*** Opening of Working data ***

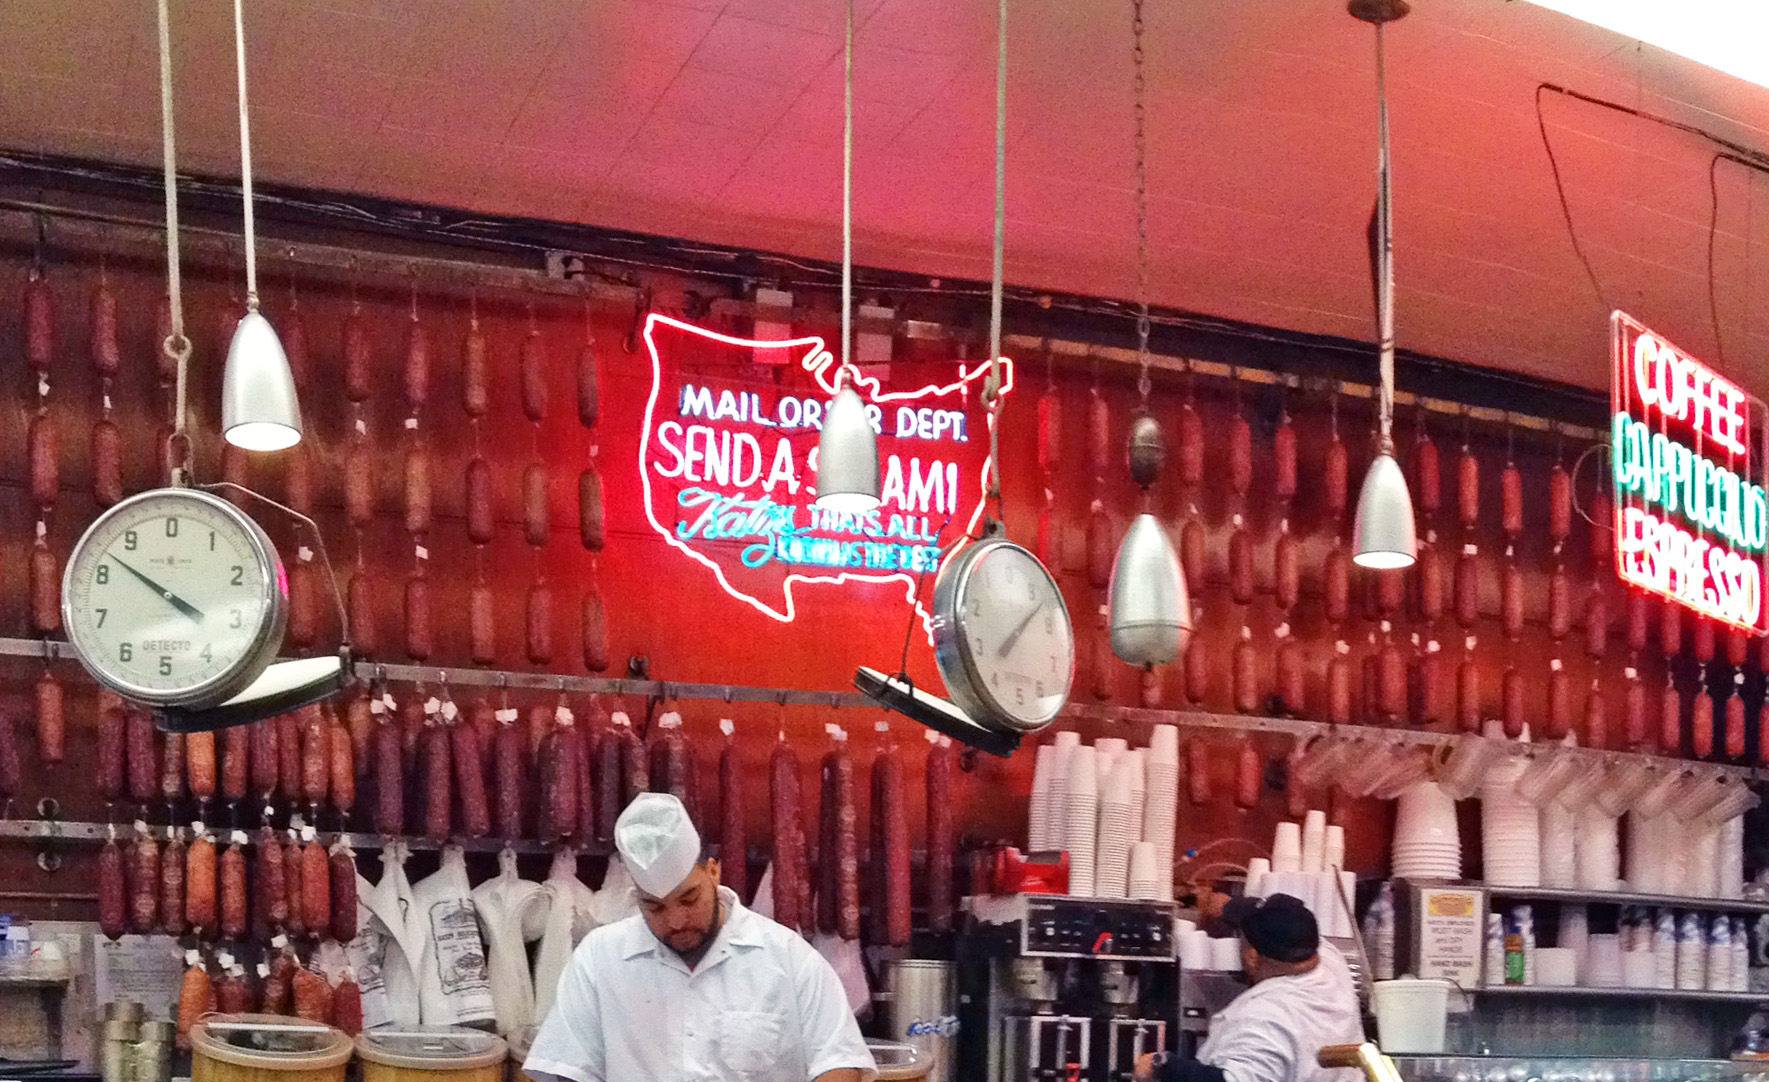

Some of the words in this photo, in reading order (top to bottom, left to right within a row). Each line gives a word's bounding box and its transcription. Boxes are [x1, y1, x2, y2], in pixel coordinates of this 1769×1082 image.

[1634, 334, 1746, 456] COFFEE
[680, 384, 777, 427] MAIL
[778, 396, 884, 435] ORR
[895, 407, 969, 442] DEPT.
[653, 421, 762, 488] SEND
[762, 437, 799, 495] A
[1612, 411, 1767, 550] CAPPUCCINO
[165, 517, 179, 538] 0
[124, 530, 138, 551] 9
[208, 531, 216, 552] 1
[96, 564, 109, 585] 8
[230, 565, 244, 586] 2
[1624, 507, 1761, 627] ESPRESSO
[95, 608, 108, 628] 7
[229, 609, 243, 630] 3
[119, 643, 133, 662] 6
[142, 640, 192, 652] DETECTO
[159, 656, 173, 676] 5
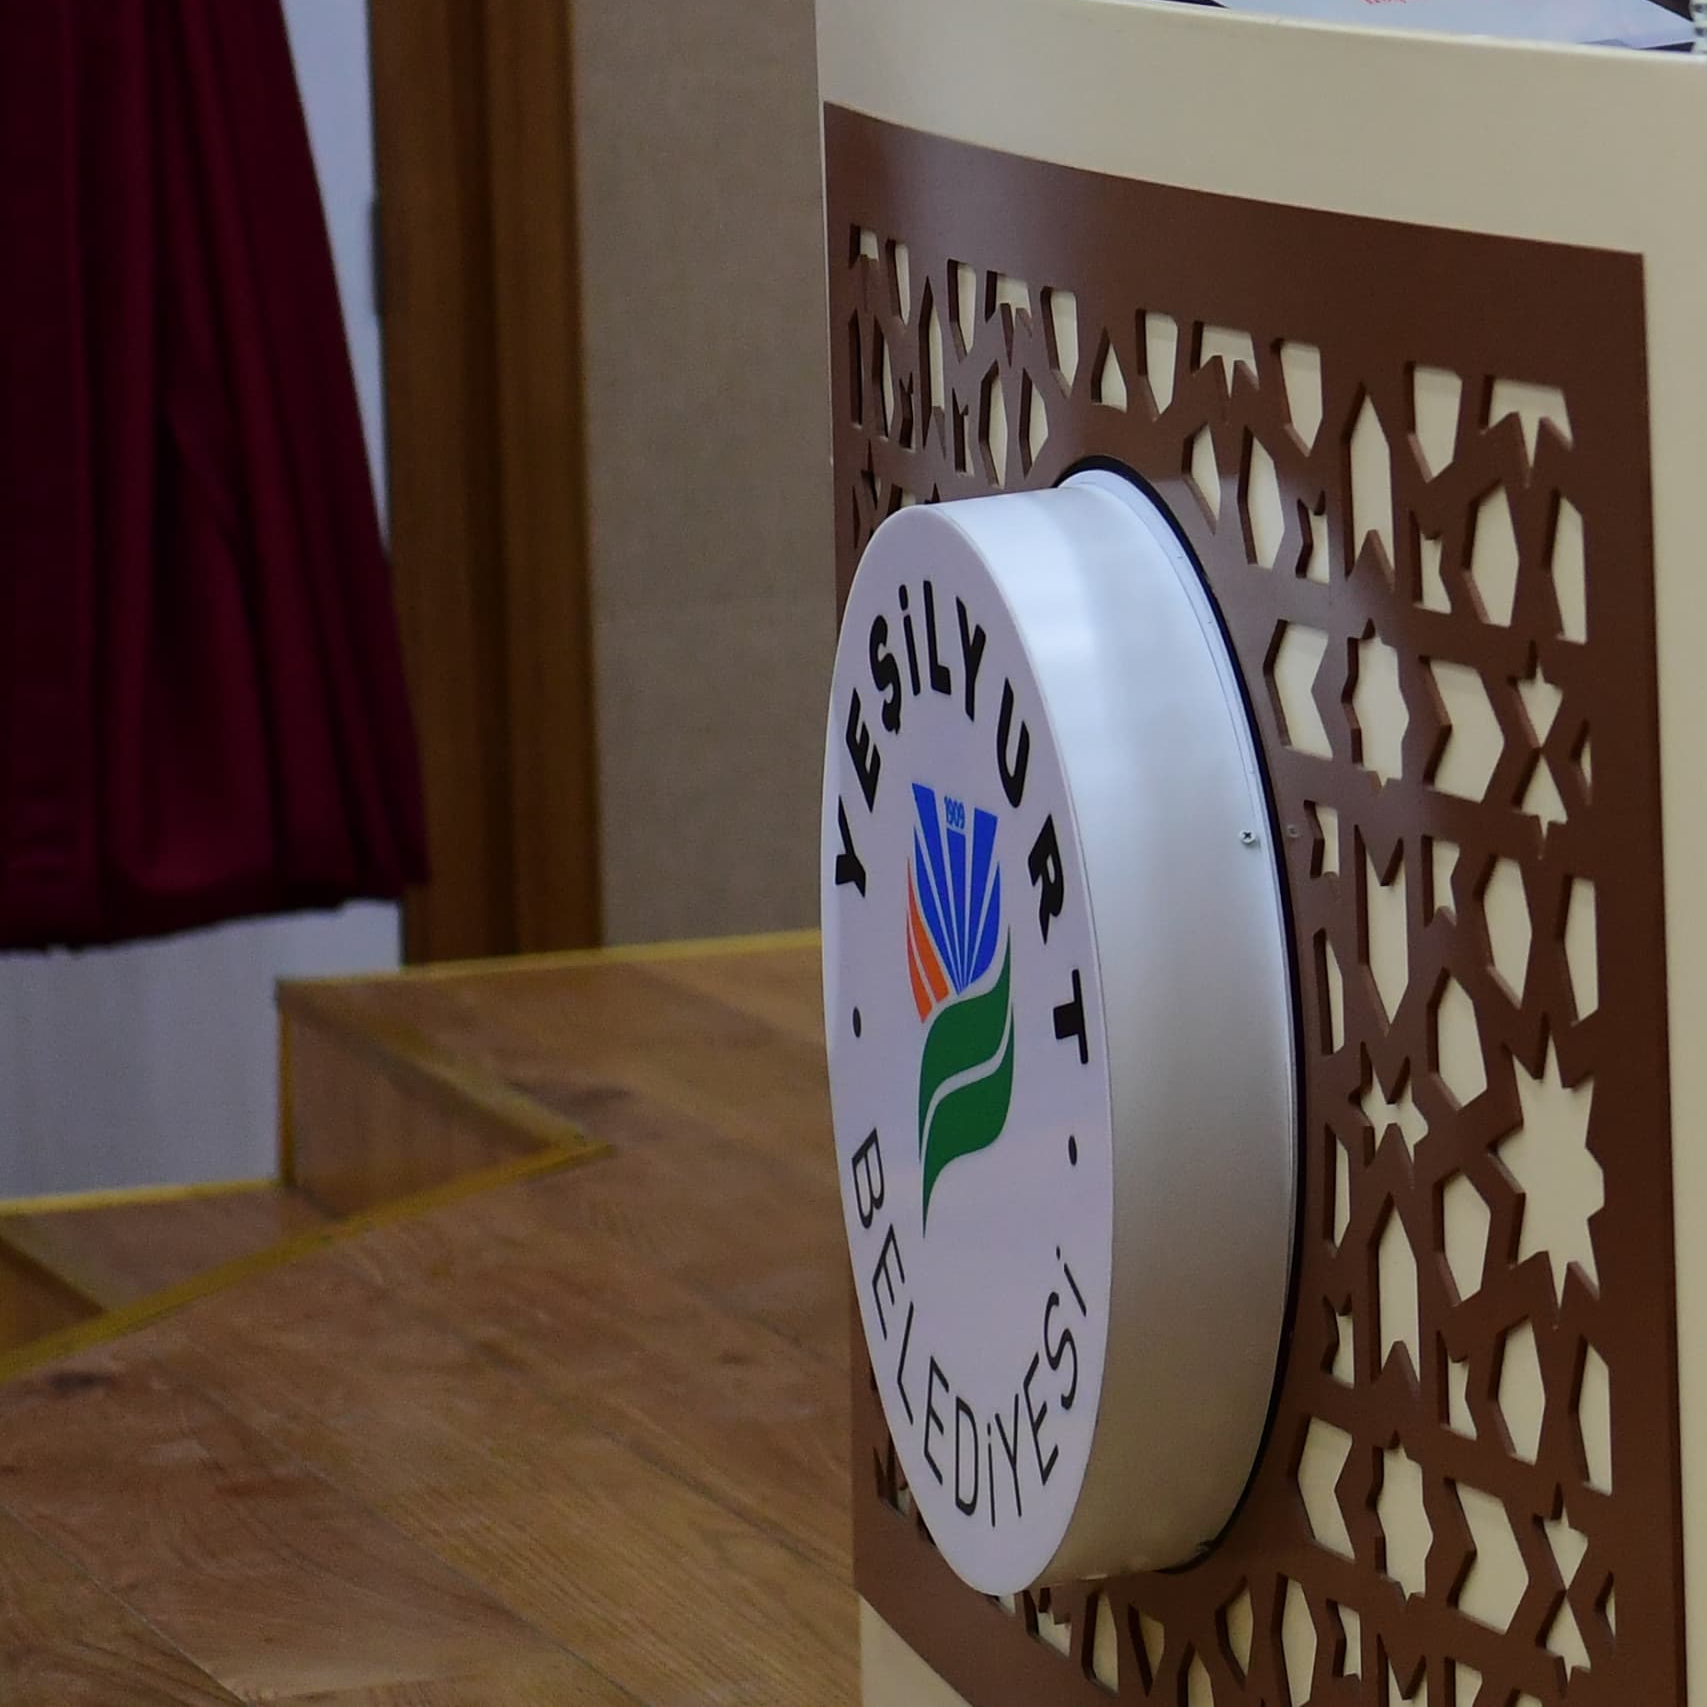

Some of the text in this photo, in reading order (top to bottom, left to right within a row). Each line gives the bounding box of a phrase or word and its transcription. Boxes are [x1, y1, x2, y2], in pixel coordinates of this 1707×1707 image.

[835, 580, 1088, 1064] YEŞİLYURT
[943, 794, 966, 830] 1909
[852, 1128, 1087, 1528] BELEDİYESİ

*** Close of Working data ***

**Your assignment:** From the first record to the last, copy everything exactly except the pictures.

**Solved exercise:**
Some of the words in this photo, in reading order (top to bottom, left to right within a row). Each line gives a word's bounding box and its transcription. Boxes are [x1, y1, x2, y2], in pixel coordinates of this 1769×1082 image.

[1634, 334, 1746, 456] COFFEE
[680, 384, 777, 427] MAIL
[778, 396, 884, 435] ORR
[895, 407, 969, 442] DEPT.
[653, 421, 762, 488] SEND
[762, 437, 799, 495] A
[1612, 411, 1767, 550] CAPPUCCINO
[165, 517, 179, 538] 0
[124, 530, 138, 551] 9
[208, 531, 216, 552] 1
[96, 564, 109, 585] 8
[230, 565, 244, 586] 2
[1624, 507, 1761, 627] ESPRESSO
[95, 608, 108, 628] 7
[229, 609, 243, 630] 3
[119, 643, 133, 662] 6
[142, 640, 192, 652] DETECTO
[159, 656, 173, 676] 5

Some of the text in this photo, in reading order (top to bottom, left to right within a row). Each line gives the bounding box of a phrase or word and its transcription. Boxes are [x1, y1, x2, y2], in pixel coordinates of this 1707×1707 image.

[835, 580, 1088, 1064] YEŞİLYURT
[943, 794, 966, 830] 1909
[852, 1128, 1087, 1528] BELEDİYESİ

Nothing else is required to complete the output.